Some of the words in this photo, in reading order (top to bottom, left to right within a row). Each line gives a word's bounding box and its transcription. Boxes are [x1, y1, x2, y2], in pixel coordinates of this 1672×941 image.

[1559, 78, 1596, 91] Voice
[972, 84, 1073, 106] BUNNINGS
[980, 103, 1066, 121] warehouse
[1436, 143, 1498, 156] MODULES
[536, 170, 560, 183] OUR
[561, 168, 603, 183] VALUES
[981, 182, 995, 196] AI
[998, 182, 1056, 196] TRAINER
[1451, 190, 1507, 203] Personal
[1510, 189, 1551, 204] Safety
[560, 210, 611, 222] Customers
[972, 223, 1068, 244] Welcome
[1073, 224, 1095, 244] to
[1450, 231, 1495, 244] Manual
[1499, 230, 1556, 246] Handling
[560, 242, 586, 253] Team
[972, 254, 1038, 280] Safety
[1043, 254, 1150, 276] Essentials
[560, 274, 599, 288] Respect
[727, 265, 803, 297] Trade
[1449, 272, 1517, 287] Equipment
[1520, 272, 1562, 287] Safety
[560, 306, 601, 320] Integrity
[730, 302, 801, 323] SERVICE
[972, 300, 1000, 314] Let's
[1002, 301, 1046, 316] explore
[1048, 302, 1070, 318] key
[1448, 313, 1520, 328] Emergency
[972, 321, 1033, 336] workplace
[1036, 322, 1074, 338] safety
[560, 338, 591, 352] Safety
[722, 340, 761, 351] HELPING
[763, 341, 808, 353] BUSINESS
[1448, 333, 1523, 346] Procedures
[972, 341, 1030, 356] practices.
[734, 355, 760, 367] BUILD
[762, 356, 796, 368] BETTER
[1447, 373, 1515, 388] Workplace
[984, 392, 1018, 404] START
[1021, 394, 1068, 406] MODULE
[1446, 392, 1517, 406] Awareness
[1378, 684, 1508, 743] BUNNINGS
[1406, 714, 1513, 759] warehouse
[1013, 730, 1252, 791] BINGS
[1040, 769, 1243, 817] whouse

+ + +

■ DIRECTIONS FOR THIS TASK
After going through the entries, say how many lines contain the string "warehouse". Nothing else belongs in the reply.

■ PROBLEM SOLUTION
2